● **Brief**:
Since the pictures are not wanted, retype the listing below exactly and without them.

===

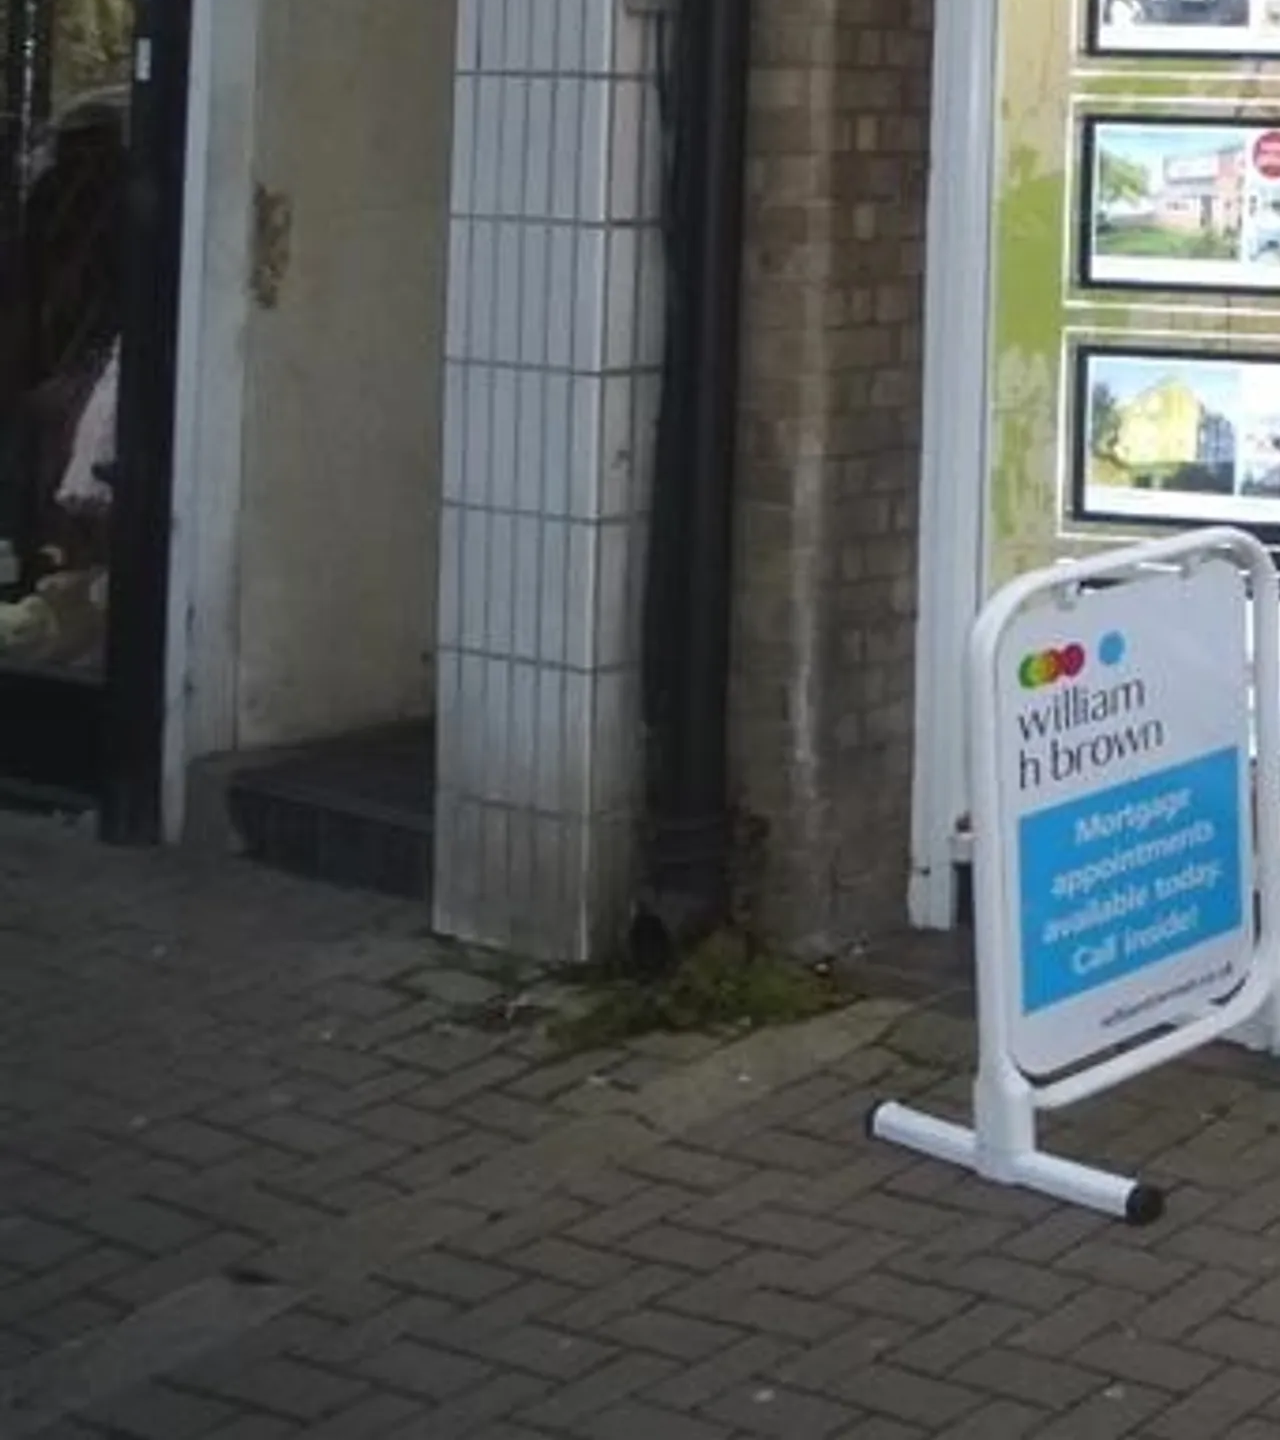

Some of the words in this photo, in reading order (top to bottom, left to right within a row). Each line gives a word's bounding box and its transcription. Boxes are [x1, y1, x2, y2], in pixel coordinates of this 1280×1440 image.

[1018, 679, 1146, 742] william
[1019, 749, 1041, 791] h
[1051, 719, 1164, 782] brown
[1074, 788, 1192, 848] Mortgage
[1051, 819, 1216, 900] appointments
[1041, 883, 1148, 945] available
[1072, 932, 1117, 975] Call

===

● **Solution to this exercise**:
Some of the words in this photo, in reading order (top to bottom, left to right within a row). Each line gives a word's bounding box and its transcription. Boxes are [x1, y1, x2, y2], in pixel coordinates of this 1280×1440 image.

[1018, 679, 1146, 742] william
[1019, 749, 1041, 791] h
[1051, 719, 1164, 782] brown
[1074, 788, 1192, 848] Mortgage
[1051, 819, 1216, 900] appointments
[1041, 883, 1148, 945] available
[1072, 932, 1117, 975] Call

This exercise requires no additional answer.